Insultes racistes, profilage racial, traitement d’un groupe ethnique comme s’il était d’un rang inférieur: la tendance à traiter l’autre comme «moins humain » reste très répandue, même au 21e siècle. Mais pourquoi?

Pour les psychologues et les sociologues, le phénomène est beaucoup plus répandu qu’on ne l’imagine et il n’agit pas uniquement sur des bases ethniques. Ça n’est pas non plus uniquement du racisme. Cela renverrait à une attitude très ancienne, sans doute des dizaines de milliers d’années, consistant à juger les membres du groupe social auquel nous appartenons comme étant plus humains que les autres.

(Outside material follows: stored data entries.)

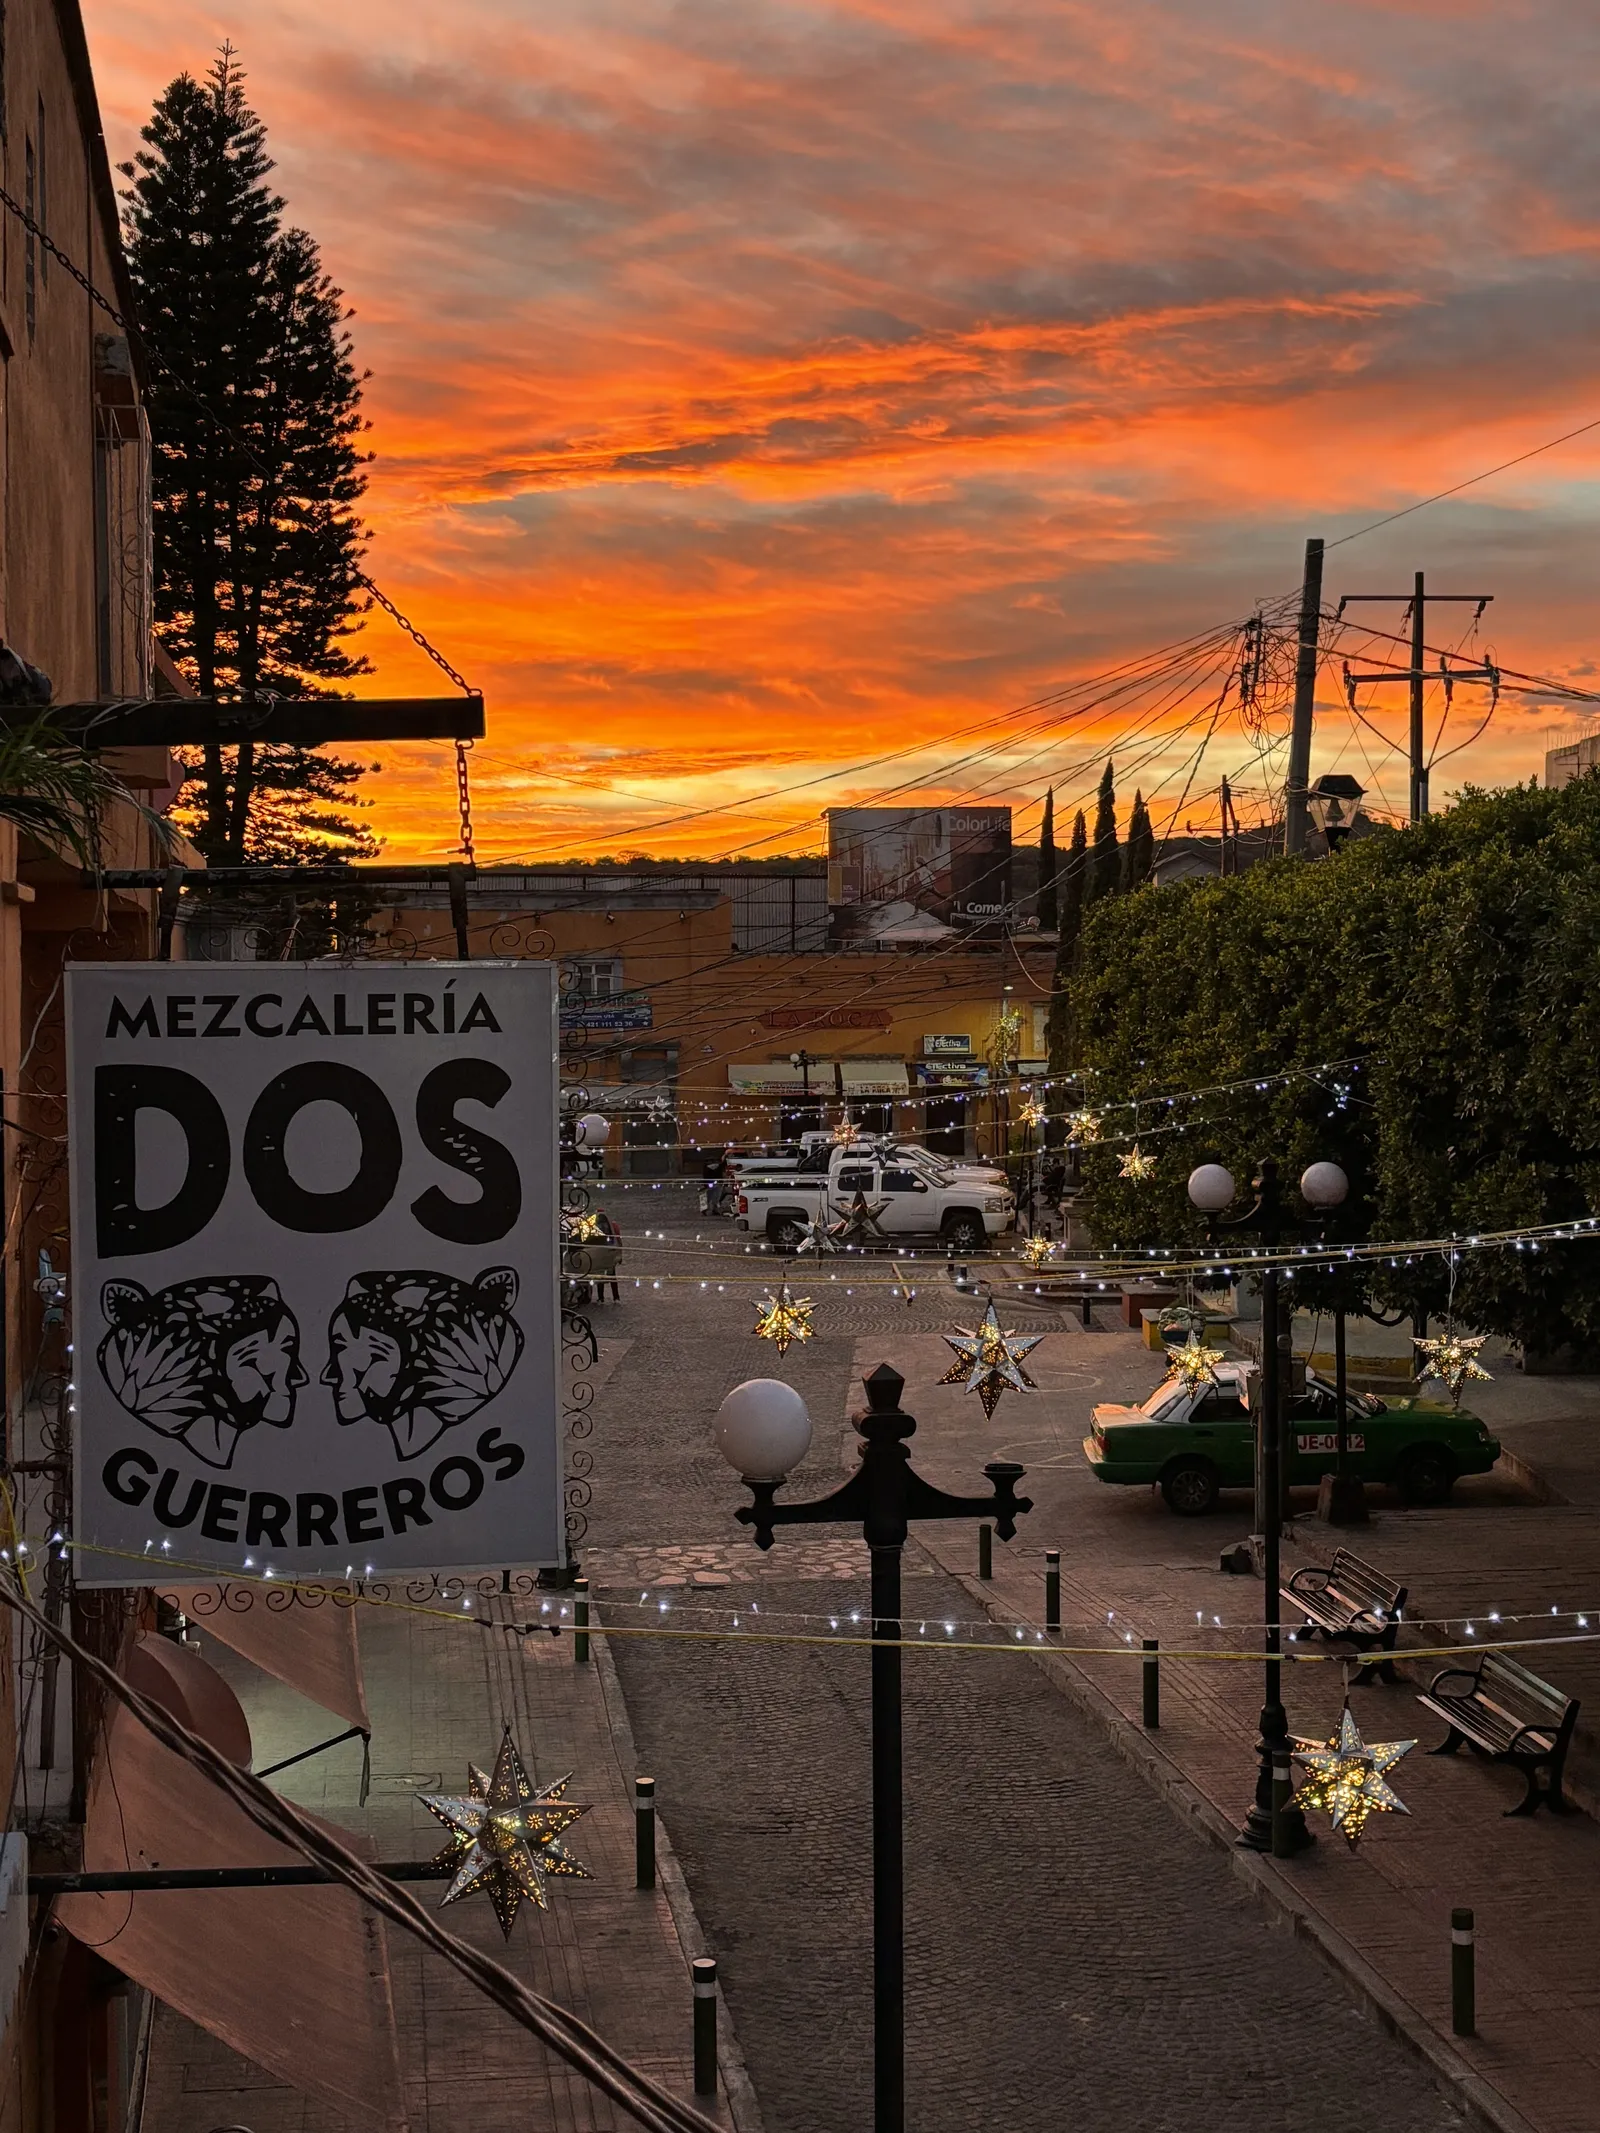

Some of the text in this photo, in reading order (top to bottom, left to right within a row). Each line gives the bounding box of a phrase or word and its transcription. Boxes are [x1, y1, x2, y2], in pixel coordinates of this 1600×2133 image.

[105, 978, 503, 1038] MEZCALERÍA
[767, 1011, 887, 1027] LA ROCA
[94, 1057, 522, 1260] DOS
[102, 1427, 526, 1549] GUERREROS
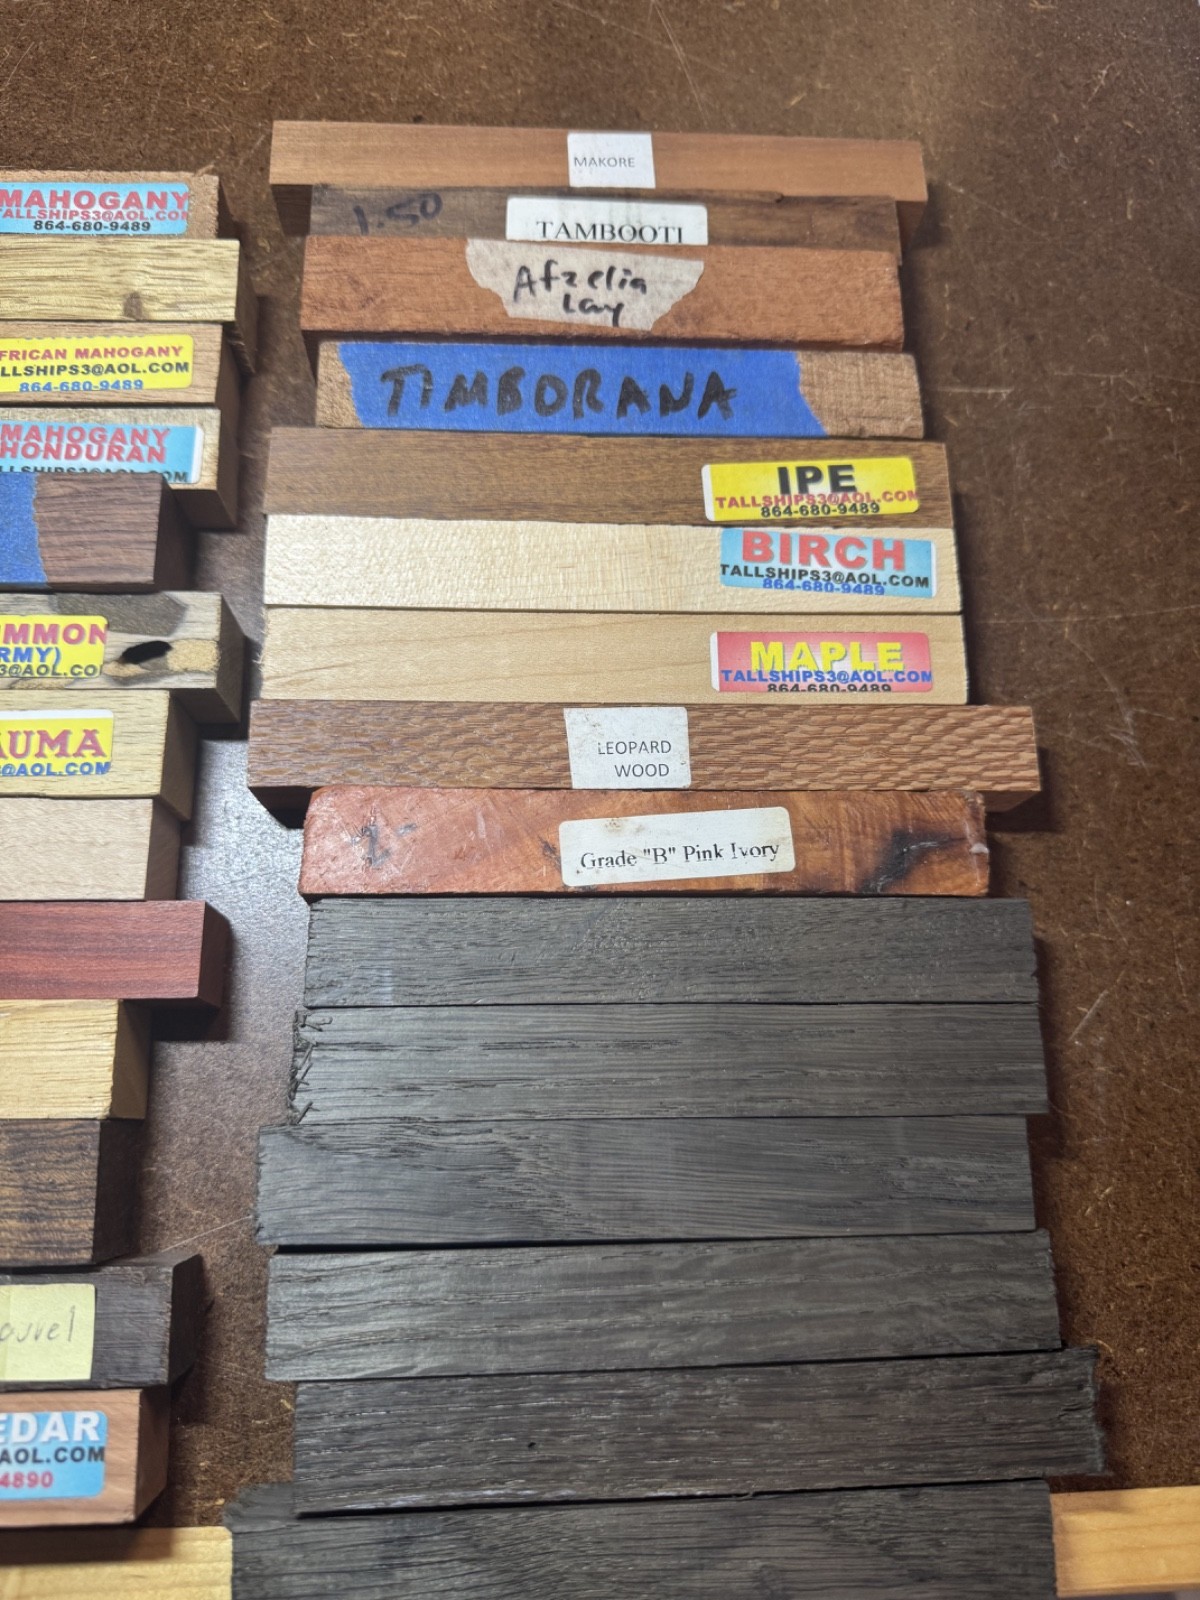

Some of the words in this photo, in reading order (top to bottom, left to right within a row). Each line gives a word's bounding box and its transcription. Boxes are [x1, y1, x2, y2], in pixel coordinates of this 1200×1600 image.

[573, 155, 636, 169] MAKORE
[0, 189, 189, 210] MAHOGANY
[0, 208, 188, 222] ALLSHIPS3@AOL.CO
[33, 220, 151, 232] 864-680-9489
[536, 220, 685, 244] TAMBOOTI
[75, 345, 184, 360] MAHOGANY
[19, 379, 144, 392] 864-680-9489
[381, 363, 738, 421] TIMBORANA
[0, 424, 171, 446] MAHOGANY
[0, 441, 166, 464] HONDURAN
[777, 464, 858, 496] IPE
[715, 490, 918, 510] TALLSHIPS3@AOL.COM
[761, 502, 881, 518] 864-680-9489
[742, 530, 906, 572] BIRCH
[720, 563, 930, 588] TALLSHIPS3@AOL.COM
[762, 577, 885, 596] 864-680-9489
[750, 641, 905, 673] MAPLE
[720, 669, 932, 684] TALLSHIPS3@AOL.COM
[767, 683, 892, 693] 864-680-9489
[0, 729, 107, 759] UMA
[597, 740, 672, 755] LEOPARD
[0, 761, 111, 777] @AOL.COM
[614, 763, 670, 778] WOOD
[580, 849, 638, 869] Grade
[643, 847, 677, 865] "B"
[682, 843, 724, 864] Pink
[731, 842, 780, 862] Ivory
[0, 1471, 54, 1489] 4890
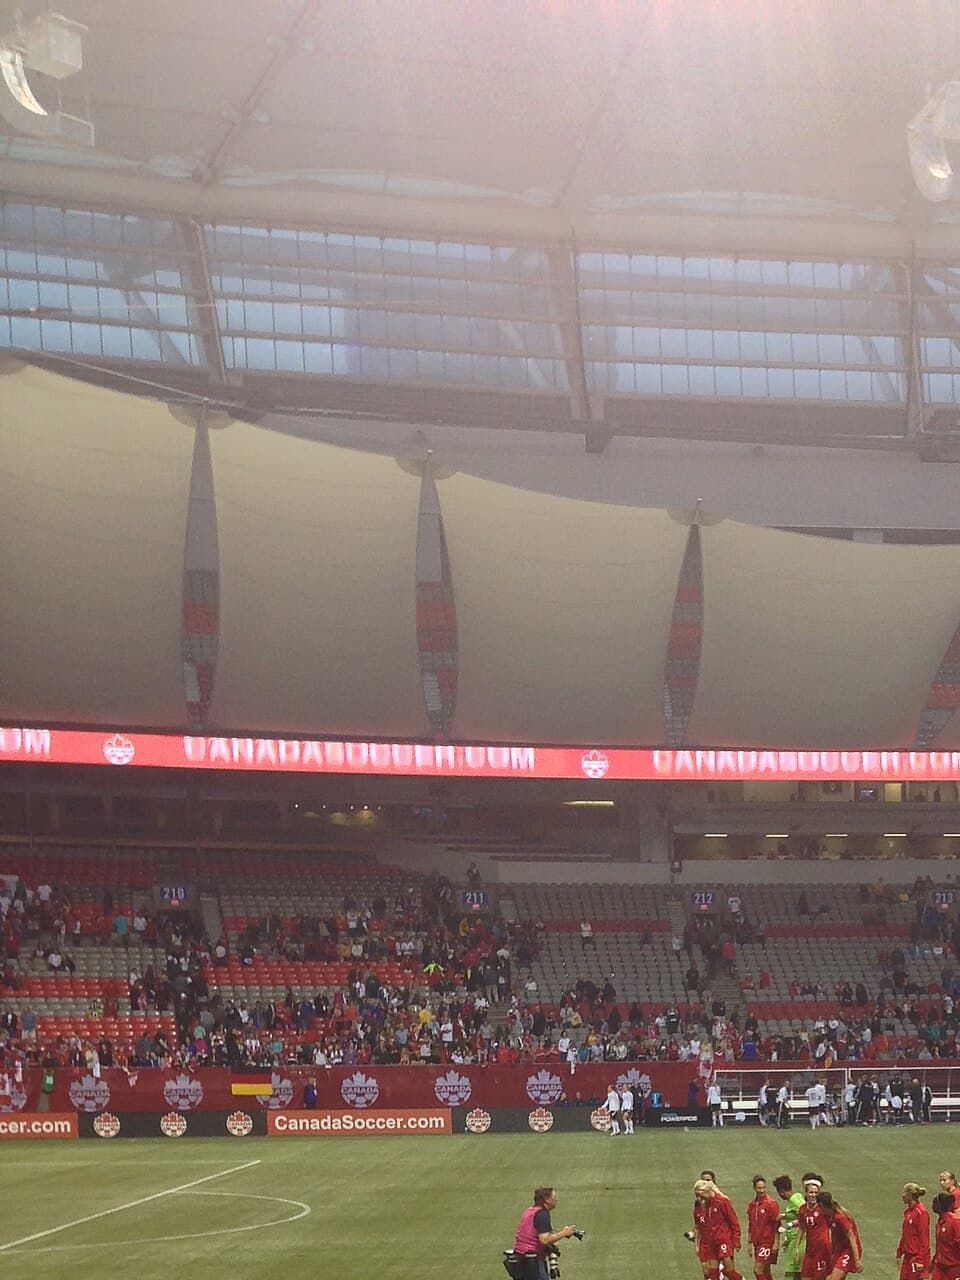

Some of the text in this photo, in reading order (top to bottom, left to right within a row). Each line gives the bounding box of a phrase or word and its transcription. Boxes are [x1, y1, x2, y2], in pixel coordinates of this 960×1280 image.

Dans un dossier qu’il consacre à la question, le New Scientist s’intéresse à ce «talent» que nous avons pour les préjugés —juger une personne en fonction de son apparence, son sexe, sa religion, etc. Et paradoxalement, ça n’a pas que des inconvénients: l’être humain a, semble-t-il, un besoin très fort d’appartenir à un groupe— politique, travail, sport, amitié. Au point où des expériences «anti-préjugés» consistant à faire croire à des gens qu’ils avaient été assignés au mauvais groupe, dans le but d’élargir subtilement leur réseau... ont conduit à l’éclosion de nouveaux préjugés, à l’égard des gens situés à l’extérieur de ce nouveau réseau.